"/>

Professor Richard Flower

Professor Richard Flower

Professor
Classics and Ancient History

My research interests range across the Roman, late Roman and early medieval periods, although I specialise in the role of invective and abuse in all forms of politics and the formation of authoritative knowledge in late antiquity. This includes working on a number of early Christian writings that have traditionally been seen as part of Patristics.

 

Having previously spent several years looking at the role of polemic in the political culture of the later Roman empire, more recently I have been working on the growth of late-antique heresiology in the context of classical notions of the ordering of knowledge, which will be the subject of my upcoming monograph entitled The Authorised Version of Heresy. During 2015-16, I held an AHRC Early Career Fellowship for a project entitled Cataloguing Damnation: The Birth of Scientific Heresiology in Late Antiquity, which has resulted in a number of articles on this subject. I have also recently edited the Cambridge Companion to Christian Heresy and, together with Professor Morwenna Ludlow, I edited a volume entitled Rhetoric and Religious Identity in Late Antiquity (OUP, 2020), which resulted from conferences held at Exeter in 2015 and 2016.

 

As part of my AHRC Fellowship, I recorded a series of interviews with academics about surprising and unfamiliar aspects of the ancient world entitled The Distant Pasts, which are available to listen to as podcasts.

 

I am currently working with an international team of scholars on a project entitled Connecting Late Antiquities. This involves digitising and linking a wealth of different prosopographical materials for late antiquity, including making the Prosopography of the Later Roman Empire available online (with the kind permission of Cambridge University Press). The project has received an AHRC-DFG grant for 2023-25, allowing these initial activities to be completed. Together with colleagues, I am currently editing The Brill Companion to Roman Prosopography, as well as volumes on Constantinian Representations and Christian Political Cultures in Late Antiquity, both of which will be published by Liverpool University Press.

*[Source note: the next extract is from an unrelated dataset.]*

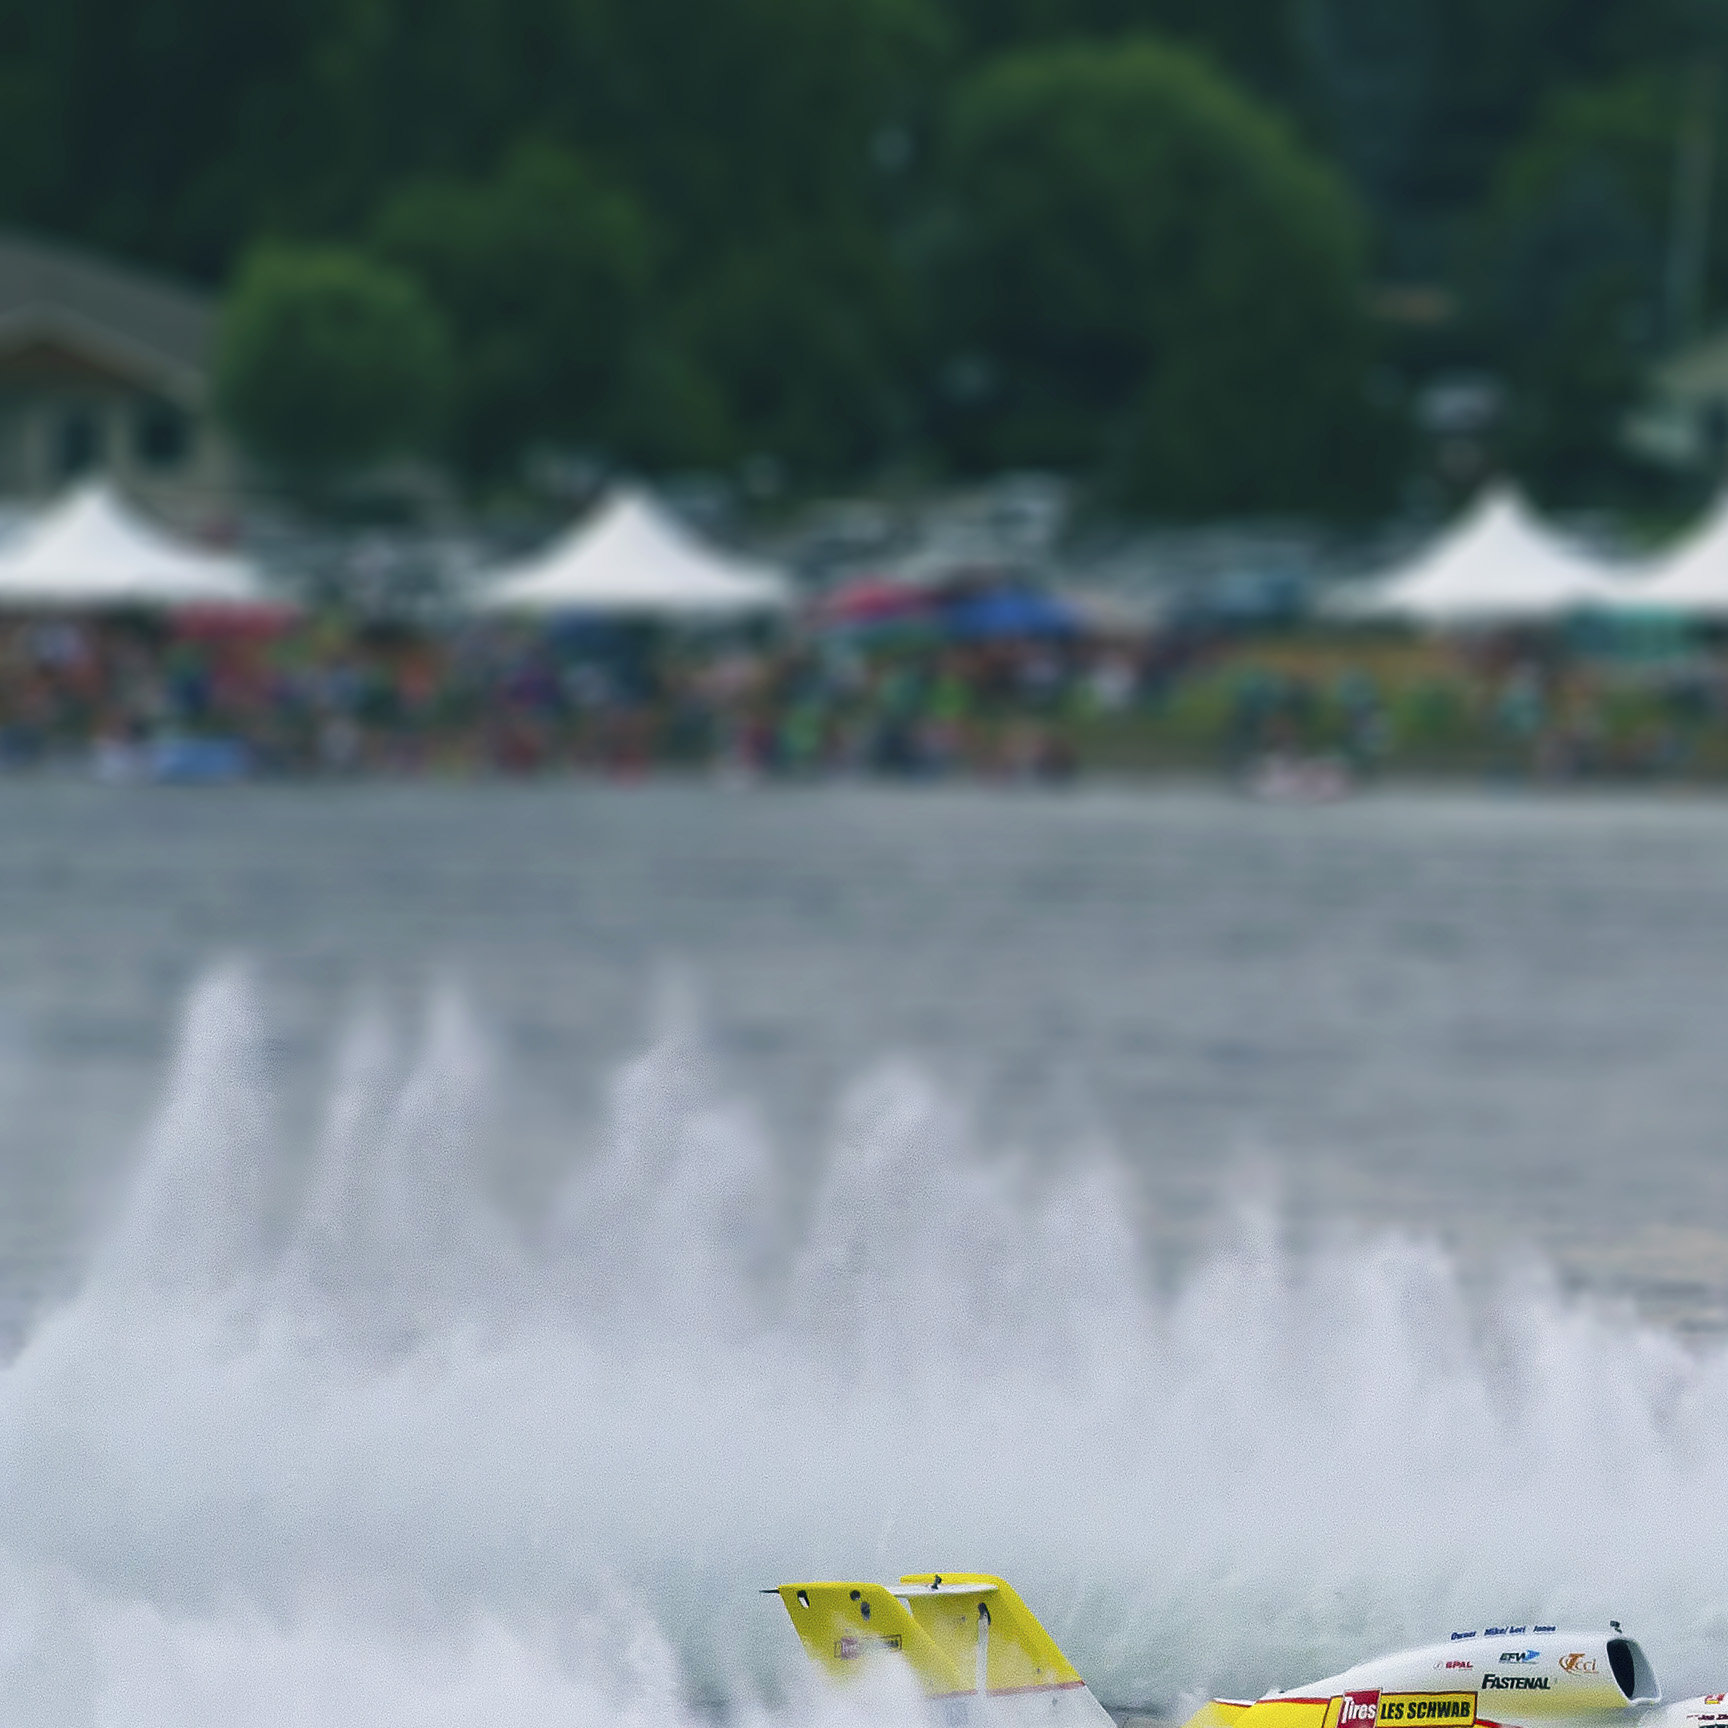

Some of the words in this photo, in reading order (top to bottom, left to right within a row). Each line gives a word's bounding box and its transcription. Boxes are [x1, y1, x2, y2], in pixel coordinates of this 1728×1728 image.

[1481, 1674, 1551, 1690] FASTENAL
[1341, 1696, 1377, 1724] Tires
[1380, 1702, 1405, 1720] LES
[1407, 1701, 1471, 1719] SCHWAB

If you're an undergraduate looking to write a final-year dissertation or a potential applicant considering doing an MA or PhD thesis on a late-antique topic (or anything else Roman that sounds fun), then please send me an email and I'll be happy to discuss your ideas with you.

 

Biography:

Originally from Sheffield, I did my BA, MPhil and PhD at Clare College, Cambridge. After I finally stopped being a student in 2007, I took up a Research Fellowship at Sidney Sussex College, Cambridge, and then a Temporary Lectureship at Sheffield, before coming to Exeter in 2012.